This work is concerned with the development of GenoLink, a generic software application dedicated to the exploration of graphs, where vertices and edges are enriched with data modelled using an entity-relationship model. GenoLink can be seen either as a generic graph querying and browsing engine or as a dedicated application for biologists. From the first point of view, GenoLink provides a generic graph data structure, a graph query engine, allowing to retrieve sub-graphs from the entire data graph, and several graphical interfaces to express such queries and to further explore their results. It is important to note that the graph data structure does not rely upon any particular data model but can dynamically accommodate for any user-supplied data model. However, since our primary goal concerns genomic and post-genomic applications, GenoLink is distributed with a default data model for this particular purpose.
System and methods
Accessing the data model has several important consequences to the functionalities of the core. First, the data model can specify that data types are organized into hierarchies (i.e. classes and subclasses in an object-oriented model). In that case, the core engine will retrieve this information (through the API-M) and can further use it in the querying process. For instance, if, during a query, the user requires that a vertex should be of type 'Gene' and if 'ProteinGene' is a subtype of 'Gene', then all data of type 'ProteinGene' should match this vertex as well. A second aspect relates to data consistency. By querying the model (through API-M) the core can easily ensure that a user query is consistent with the data model, for instance that types are connected through the proper relationships.
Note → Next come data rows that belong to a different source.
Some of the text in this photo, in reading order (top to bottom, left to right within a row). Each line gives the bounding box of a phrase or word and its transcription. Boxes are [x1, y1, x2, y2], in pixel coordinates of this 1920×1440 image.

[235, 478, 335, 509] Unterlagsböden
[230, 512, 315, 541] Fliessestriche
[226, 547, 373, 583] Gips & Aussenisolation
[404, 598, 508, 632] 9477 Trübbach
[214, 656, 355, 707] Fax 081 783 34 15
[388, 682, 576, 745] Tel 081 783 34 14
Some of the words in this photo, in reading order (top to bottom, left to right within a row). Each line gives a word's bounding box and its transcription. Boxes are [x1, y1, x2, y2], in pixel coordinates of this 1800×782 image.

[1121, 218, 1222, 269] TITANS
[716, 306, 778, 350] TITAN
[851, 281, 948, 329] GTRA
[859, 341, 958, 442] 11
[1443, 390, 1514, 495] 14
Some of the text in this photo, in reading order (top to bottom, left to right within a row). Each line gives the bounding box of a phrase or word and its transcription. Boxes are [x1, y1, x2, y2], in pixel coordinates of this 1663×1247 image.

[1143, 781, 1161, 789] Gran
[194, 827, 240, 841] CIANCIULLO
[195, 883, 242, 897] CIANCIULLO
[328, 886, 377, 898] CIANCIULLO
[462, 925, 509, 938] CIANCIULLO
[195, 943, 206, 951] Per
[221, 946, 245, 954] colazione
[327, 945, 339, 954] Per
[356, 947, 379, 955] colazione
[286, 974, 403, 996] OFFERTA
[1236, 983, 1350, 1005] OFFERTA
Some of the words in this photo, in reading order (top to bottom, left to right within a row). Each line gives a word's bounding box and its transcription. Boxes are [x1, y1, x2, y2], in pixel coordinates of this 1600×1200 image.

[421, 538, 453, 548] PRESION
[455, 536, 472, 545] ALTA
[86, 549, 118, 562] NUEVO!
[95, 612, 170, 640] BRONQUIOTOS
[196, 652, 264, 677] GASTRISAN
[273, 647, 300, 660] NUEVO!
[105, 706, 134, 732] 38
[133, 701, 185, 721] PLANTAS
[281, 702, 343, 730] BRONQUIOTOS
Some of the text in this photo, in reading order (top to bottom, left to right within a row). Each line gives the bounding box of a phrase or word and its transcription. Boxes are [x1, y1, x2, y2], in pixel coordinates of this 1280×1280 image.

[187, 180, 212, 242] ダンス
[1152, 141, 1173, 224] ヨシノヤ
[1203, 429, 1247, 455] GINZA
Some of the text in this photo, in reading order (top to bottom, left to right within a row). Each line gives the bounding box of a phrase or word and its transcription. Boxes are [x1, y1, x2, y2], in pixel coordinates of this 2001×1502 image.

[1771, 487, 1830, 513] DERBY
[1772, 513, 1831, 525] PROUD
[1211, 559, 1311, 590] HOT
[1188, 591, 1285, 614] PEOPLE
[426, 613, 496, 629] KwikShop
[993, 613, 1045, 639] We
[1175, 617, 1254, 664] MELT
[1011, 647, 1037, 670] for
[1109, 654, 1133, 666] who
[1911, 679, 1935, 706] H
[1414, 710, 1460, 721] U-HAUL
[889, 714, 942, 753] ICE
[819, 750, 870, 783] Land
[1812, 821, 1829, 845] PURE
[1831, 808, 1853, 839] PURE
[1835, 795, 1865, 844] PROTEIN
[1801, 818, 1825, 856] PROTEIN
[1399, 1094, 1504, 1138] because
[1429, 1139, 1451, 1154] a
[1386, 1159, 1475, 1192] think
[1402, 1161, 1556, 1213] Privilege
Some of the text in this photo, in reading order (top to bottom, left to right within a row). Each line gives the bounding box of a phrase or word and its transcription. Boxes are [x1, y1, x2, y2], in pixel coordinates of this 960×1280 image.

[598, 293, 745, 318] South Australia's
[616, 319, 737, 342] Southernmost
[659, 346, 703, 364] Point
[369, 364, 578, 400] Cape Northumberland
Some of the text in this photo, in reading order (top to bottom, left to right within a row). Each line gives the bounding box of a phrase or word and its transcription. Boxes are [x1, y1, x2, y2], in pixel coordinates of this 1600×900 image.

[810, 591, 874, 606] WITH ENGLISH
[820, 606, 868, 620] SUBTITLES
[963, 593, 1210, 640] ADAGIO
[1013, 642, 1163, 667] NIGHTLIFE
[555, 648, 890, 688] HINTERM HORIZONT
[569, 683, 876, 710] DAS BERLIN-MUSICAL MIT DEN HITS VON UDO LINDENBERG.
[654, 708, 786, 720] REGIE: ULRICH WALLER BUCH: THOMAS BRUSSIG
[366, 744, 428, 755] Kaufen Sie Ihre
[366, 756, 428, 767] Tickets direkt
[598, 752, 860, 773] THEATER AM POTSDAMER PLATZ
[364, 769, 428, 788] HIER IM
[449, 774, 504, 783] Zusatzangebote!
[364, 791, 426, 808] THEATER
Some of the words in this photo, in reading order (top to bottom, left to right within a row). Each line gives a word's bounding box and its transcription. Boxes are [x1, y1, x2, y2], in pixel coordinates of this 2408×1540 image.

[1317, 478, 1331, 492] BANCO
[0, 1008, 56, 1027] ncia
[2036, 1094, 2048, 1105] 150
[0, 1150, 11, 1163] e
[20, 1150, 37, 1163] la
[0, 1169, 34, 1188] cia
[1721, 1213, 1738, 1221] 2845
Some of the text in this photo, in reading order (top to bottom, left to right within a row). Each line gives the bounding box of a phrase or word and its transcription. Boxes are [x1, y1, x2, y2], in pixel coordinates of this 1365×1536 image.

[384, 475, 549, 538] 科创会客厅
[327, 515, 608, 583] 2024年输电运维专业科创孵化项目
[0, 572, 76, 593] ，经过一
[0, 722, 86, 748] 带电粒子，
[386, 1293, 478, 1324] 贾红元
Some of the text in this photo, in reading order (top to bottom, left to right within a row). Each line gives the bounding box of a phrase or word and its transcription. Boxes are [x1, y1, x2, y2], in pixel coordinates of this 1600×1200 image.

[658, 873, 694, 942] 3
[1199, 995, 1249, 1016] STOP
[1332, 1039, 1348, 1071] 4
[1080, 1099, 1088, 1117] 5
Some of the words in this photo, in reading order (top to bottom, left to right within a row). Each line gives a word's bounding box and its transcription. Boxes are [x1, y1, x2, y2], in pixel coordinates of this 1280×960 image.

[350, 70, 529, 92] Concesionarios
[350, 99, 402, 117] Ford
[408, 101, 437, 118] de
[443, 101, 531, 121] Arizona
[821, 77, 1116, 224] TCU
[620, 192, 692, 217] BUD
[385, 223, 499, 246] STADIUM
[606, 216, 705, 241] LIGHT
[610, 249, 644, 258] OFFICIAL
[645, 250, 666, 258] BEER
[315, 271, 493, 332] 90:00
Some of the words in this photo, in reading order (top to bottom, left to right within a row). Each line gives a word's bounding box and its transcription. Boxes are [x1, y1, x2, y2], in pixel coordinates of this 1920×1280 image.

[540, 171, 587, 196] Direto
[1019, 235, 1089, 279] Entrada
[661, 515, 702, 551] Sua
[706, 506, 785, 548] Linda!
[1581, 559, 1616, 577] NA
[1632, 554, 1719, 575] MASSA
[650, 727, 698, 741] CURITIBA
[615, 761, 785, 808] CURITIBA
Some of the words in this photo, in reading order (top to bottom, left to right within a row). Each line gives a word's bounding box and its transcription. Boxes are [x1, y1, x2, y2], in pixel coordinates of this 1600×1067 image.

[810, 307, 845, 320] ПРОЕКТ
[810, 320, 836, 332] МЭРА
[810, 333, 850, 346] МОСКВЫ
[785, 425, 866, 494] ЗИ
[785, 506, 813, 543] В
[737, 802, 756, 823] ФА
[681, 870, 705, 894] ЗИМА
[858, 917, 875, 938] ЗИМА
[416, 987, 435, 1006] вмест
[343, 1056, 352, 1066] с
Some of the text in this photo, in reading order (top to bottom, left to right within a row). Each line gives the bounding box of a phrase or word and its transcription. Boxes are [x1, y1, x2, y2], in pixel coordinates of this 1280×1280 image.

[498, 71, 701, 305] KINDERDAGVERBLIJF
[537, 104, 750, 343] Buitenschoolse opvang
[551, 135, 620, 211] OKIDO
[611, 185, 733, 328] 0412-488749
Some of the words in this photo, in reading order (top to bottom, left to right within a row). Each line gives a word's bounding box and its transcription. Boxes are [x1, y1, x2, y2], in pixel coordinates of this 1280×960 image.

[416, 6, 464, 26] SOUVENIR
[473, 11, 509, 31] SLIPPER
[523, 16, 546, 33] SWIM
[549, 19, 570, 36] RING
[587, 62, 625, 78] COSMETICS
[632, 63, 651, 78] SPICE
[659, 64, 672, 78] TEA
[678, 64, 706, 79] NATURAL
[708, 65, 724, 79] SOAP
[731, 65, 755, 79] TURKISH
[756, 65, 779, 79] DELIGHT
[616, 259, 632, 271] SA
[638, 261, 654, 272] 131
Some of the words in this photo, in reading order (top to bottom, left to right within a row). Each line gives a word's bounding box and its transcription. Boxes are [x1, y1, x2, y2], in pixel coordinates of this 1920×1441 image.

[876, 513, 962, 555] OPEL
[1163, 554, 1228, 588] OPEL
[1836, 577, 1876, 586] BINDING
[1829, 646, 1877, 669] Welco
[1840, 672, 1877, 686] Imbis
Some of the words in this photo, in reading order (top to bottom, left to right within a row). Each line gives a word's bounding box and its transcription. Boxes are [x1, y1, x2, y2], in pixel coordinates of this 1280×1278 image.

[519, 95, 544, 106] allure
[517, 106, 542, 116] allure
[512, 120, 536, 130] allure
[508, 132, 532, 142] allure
Finally, a last aspect relates to the content of the data itself. A piece of data in the storage system is described by an identifier (the ID) and a set of attributes. For instance a gene may have attributes to describe its name, its description and its length. During a query, some constraints will be ascribed to these attributes (for instance "length > 1000"). Again, by querying the data model, the core is able to control the consistency between the user's constraints and the data model.
In this architecture, any kind of data storage system could, in theory, be used, as long as it can accommodate the API-M and API-D. In practice, we implement GenoLink by using an object-oriented DBMS (OO-DBMS), based on the AROM system . The reason for using an OO-DBMS is that the mapping between the generic graph model and the object model is greatly simplified.
Data connection and data import
There are basically two mechanisms to transfer data sets from external sources into the GenoLink system: data connection and data import.
Data connection is straightforward: when the core is started, it connects trough the API-D to the storage system and constructs a 'shallow graph' representation of this data. We use the term 'shallow graph' to point out that the graph model does only retain in memory the graph topology and the identifiers and data types attached to the vertices and edges, not the whole data set itself. Indeed, when a specific part of data is needed (e.g. the value of some attributes) the core will dynamically request it to the storage system through API-D.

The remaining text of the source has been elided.